*What you have to do*
From the line containing "this 1500×1000 image." to the final line of the entries, every line is to be reproduced exactly; no other line belongs in the output.

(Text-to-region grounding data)
++++++

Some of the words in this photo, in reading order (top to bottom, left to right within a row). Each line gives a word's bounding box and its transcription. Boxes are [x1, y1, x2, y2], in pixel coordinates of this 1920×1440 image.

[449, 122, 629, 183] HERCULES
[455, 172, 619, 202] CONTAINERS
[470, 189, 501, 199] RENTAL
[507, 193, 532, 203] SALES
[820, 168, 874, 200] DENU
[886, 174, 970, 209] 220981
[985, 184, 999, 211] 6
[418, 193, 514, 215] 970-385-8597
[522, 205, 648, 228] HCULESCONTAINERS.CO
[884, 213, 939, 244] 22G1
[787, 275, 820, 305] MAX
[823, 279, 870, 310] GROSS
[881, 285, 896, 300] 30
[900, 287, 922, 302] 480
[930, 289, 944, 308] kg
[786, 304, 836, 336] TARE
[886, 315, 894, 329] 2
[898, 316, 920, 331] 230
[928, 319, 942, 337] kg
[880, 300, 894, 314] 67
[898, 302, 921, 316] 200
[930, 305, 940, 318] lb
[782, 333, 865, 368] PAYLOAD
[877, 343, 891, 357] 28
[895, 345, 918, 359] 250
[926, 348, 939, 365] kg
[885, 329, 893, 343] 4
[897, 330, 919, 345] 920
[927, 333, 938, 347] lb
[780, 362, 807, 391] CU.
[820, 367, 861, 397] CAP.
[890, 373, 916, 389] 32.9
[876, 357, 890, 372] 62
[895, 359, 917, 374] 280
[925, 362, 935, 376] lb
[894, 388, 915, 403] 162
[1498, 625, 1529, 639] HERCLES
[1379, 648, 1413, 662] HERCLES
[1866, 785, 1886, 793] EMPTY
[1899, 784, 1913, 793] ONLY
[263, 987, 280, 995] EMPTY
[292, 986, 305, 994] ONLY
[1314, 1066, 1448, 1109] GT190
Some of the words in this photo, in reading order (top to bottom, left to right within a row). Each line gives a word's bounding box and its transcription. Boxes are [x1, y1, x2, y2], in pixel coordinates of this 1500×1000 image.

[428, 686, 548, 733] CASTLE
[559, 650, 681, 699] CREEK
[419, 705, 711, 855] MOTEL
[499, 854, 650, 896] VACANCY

++++++

*Written solution*
Some of the words in this photo, in reading order (top to bottom, left to right within a row). Each line gives a word's bounding box and its transcription. Boxes are [x1, y1, x2, y2], in pixel coordinates of this 1500×1000 image.

[428, 686, 548, 733] CASTLE
[559, 650, 681, 699] CREEK
[419, 705, 711, 855] MOTEL
[499, 854, 650, 896] VACANCY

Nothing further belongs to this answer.